Vertex Industries — Annual Report · 2025 04 / 15

Strategy 2030

Strategy 2030: three pillars

The plan we published in early 2024 has not changed; 2025 simply moved it forward faster than scheduled. It rests on three pillars.

Software-led growth. Every machine Vertex Industries ships becomes more valuable with the software that operates it. CHF 435 million of recurring revenue already funds a development organisation of six centres; by 2030, software should carry more than half of group revenue.

The autonomous factory. Vertex Neura is the first step towards production lines that diagnose, schedule and correct themselves. The 480 active patent families — 62 of them filed in 2025 — concentrate on exactly this seam between machine and model.

Resilient supply chains. Our customers are re-shoring and building buffers, and every one of those decisions is only economic when automated. The CHF 1.9 billion backlog says the thesis is holding.

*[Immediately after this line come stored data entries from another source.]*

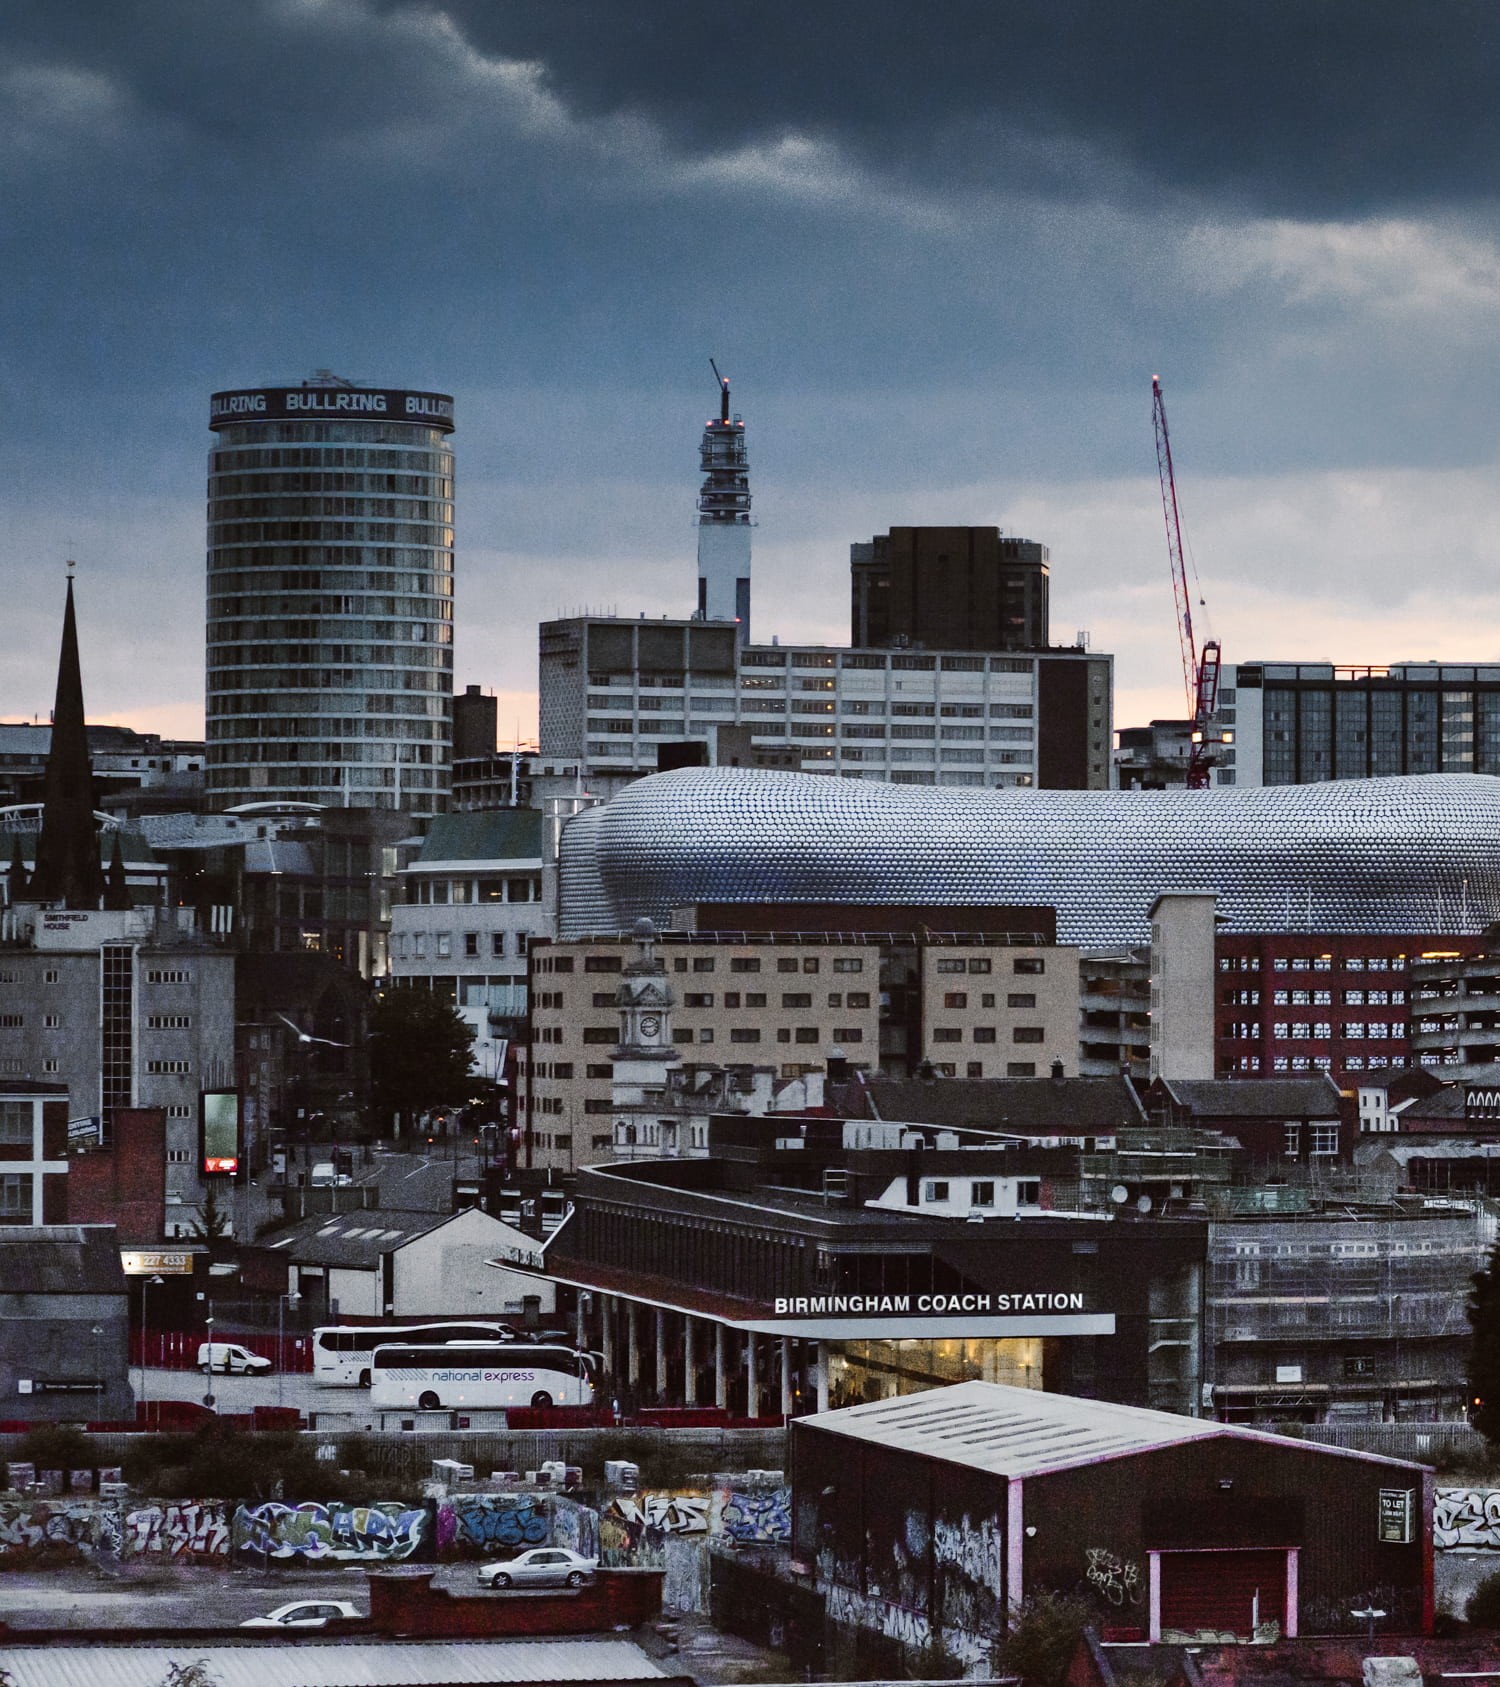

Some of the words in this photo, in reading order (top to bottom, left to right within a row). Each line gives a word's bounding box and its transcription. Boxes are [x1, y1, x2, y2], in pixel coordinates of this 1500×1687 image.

[212, 394, 267, 417] ULLRING
[286, 393, 387, 410] BULLRING
[44, 914, 88, 922] SMITHFIELD
[44, 922, 71, 930] HOUSE
[144, 1255, 160, 1266] 227
[162, 1255, 186, 1266] 4333
[774, 1296, 910, 1314] BIRMINGHAM
[917, 1294, 991, 1312] COACH
[998, 1293, 1084, 1310] STATION
[432, 1370, 482, 1382] national
[484, 1371, 535, 1384] express
[1382, 1499, 1392, 1508] TO
[1393, 1500, 1405, 1509] LET

Engineers pairing on the Neura control interface at the Lisbon hub
The Lisbon software hub: 450 engineers, the largest of the group’s six development centres.

The software transition, in practice

Business-model transitions fail on ambiguity, so we manage this one on three numbers: the share of revenue that recurs, the pace at which it grows, and the cost of serving it. In 2025 annual recurring revenue reached CHF 435 million, growth accelerated to 31%, and gross margin in the software segment widened again — it was the mix, not pricing, that carried the group’s EBIT margin to 16.0%.

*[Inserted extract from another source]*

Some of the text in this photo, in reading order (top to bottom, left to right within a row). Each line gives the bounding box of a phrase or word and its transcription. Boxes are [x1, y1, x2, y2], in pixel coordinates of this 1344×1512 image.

Distribution is the quiet advantage. Vertex Industries does not sell software into cold accounts: it sells into an installed base of machines it knows bolt by bolt. A developer community of 95,000 members now builds on the platform’s public APIs, and it was on that rail that Neura reached 1,400 sites in seven months.

The 2026 milestones are set: software above 38% of group revenue, Neura’s fleet-orchestration release, and the first Kestrel products running natively on the platform. By 2030 the group intends to be — in revenue terms — a software company that manufactures, rather than a manufacturer that codes.

2030 targets

The Strategy 2030 scorecard: the 2021 baseline, the position at the end of 2025, and the commitment for 2030.

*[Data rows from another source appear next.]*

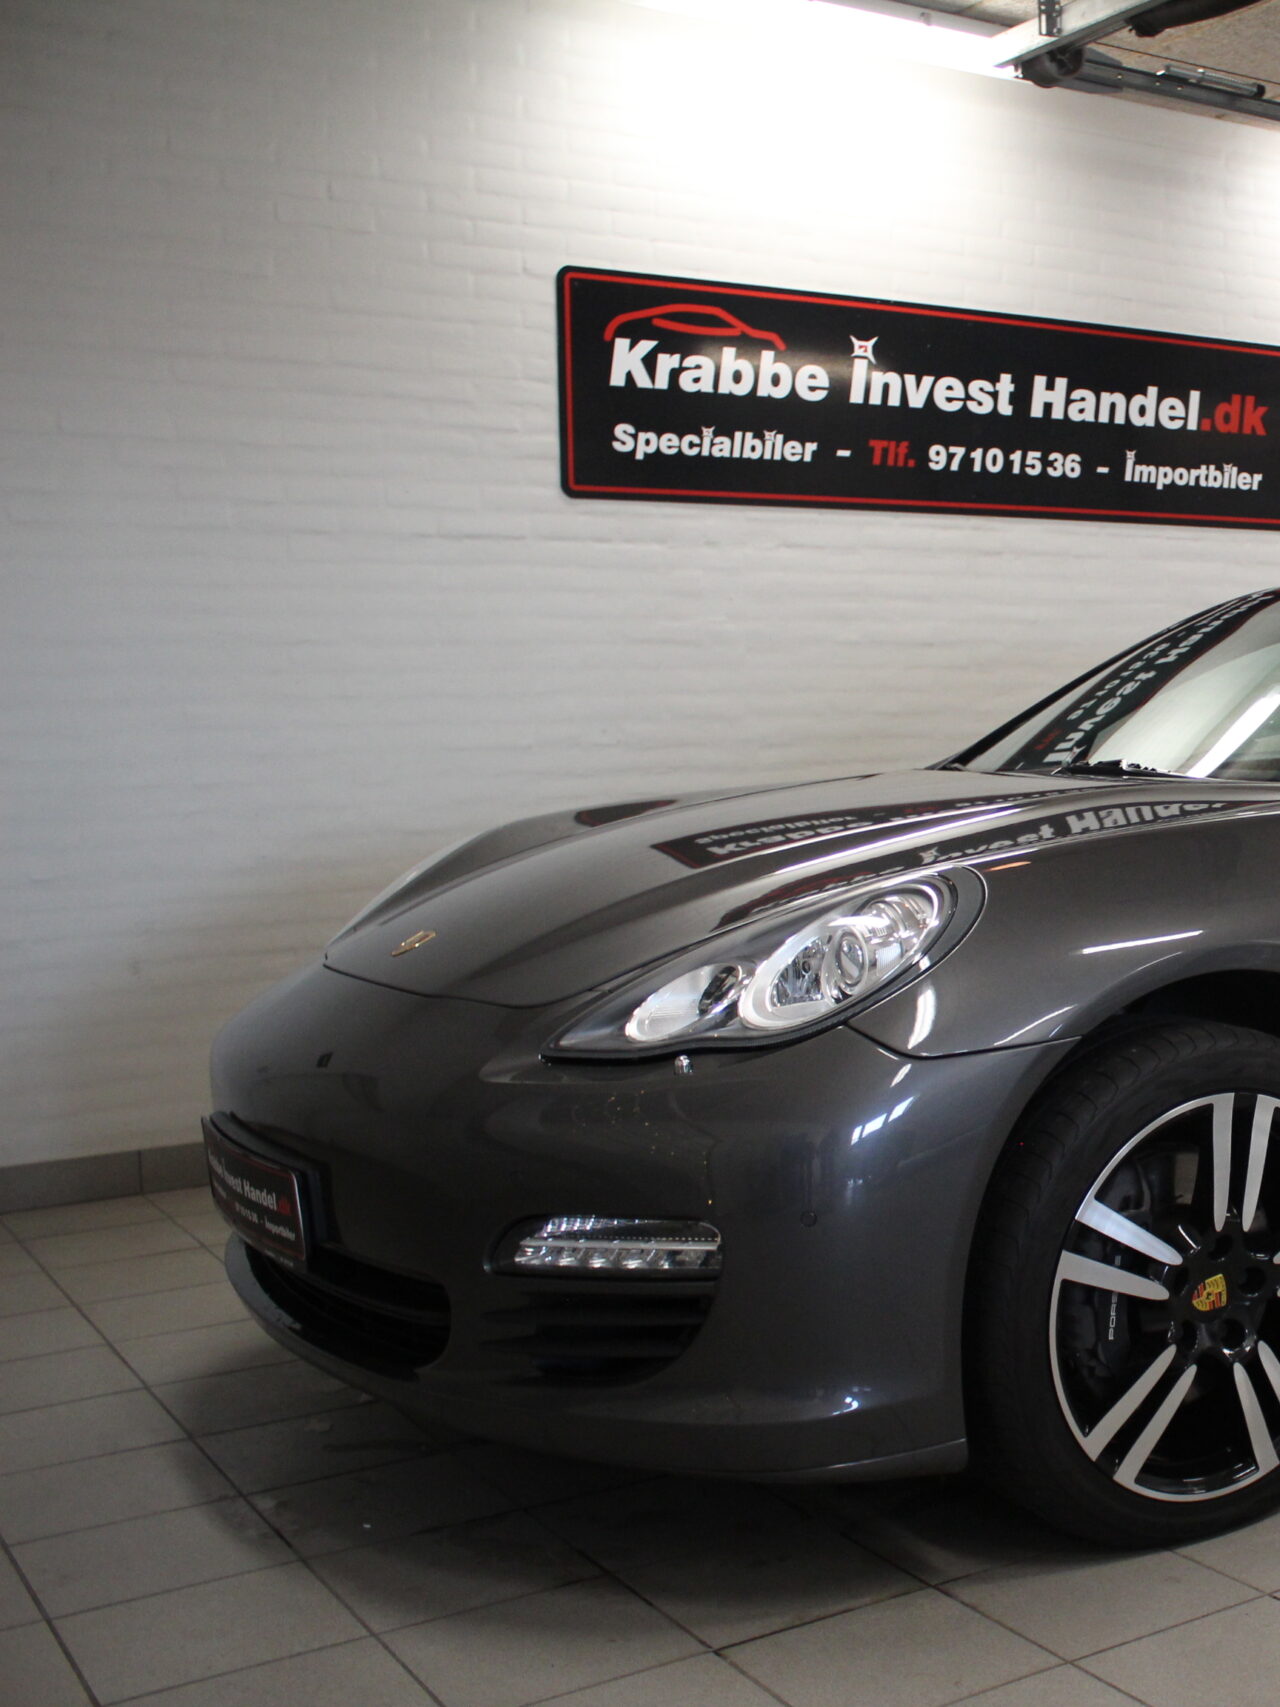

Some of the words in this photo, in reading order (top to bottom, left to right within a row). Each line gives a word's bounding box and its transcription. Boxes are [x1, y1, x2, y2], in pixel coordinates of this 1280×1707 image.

[608, 337, 830, 402] Krabbe
[849, 336, 1014, 416] Invest
[1030, 374, 1269, 436] Handel.dk
[611, 423, 818, 462] Specialbiler
[868, 439, 916, 468] Tlf.
[1124, 450, 1263, 490] Importbiler

Software share of revenue % of group revenue
43%
22 % of group revenue 2021 34 % of group revenue ↑ 50 % of group revenue 2030
EBIT margin %
53%
11.5 % 2021 16.0 % ↑ 20 % 2030
CO₂ emissions, scope 1+2 index, 2021 = 100
47%
100 index, 2021 = 100 2021 72 index, 2021 = 100 ↓ 40 index, 2021 = 100 2030

The road to 2030

2026

Scale the copilot

Guidance calls for revenue growth of 15–18%, a software share above 38% and an EBIT margin of around 17%. Neura’s fleet-orchestration release moves the copilot from single lines to whole plants.

2027

The warehouse runs itself

The second Kestrel generation ships: picking, transport and inventory as one autonomous system, sold with the software that operates it.

2028

Halfway checkpoint

Software approaches 45% of revenue, scope 1+2 emissions pass −45% against 2021, and the six development centres work on a single shared platform.

2030

The scorecard closes

Software above half of revenue, an EBIT margin of 20%, CO₂ down 60% — and 35% women in engineering, from 28% today.

“The autonomous factory is not a robot replacing a person. It is a thousand small decisions per shift that no longer wait for a meeting — and Neura exists to take them well, and to show its working.”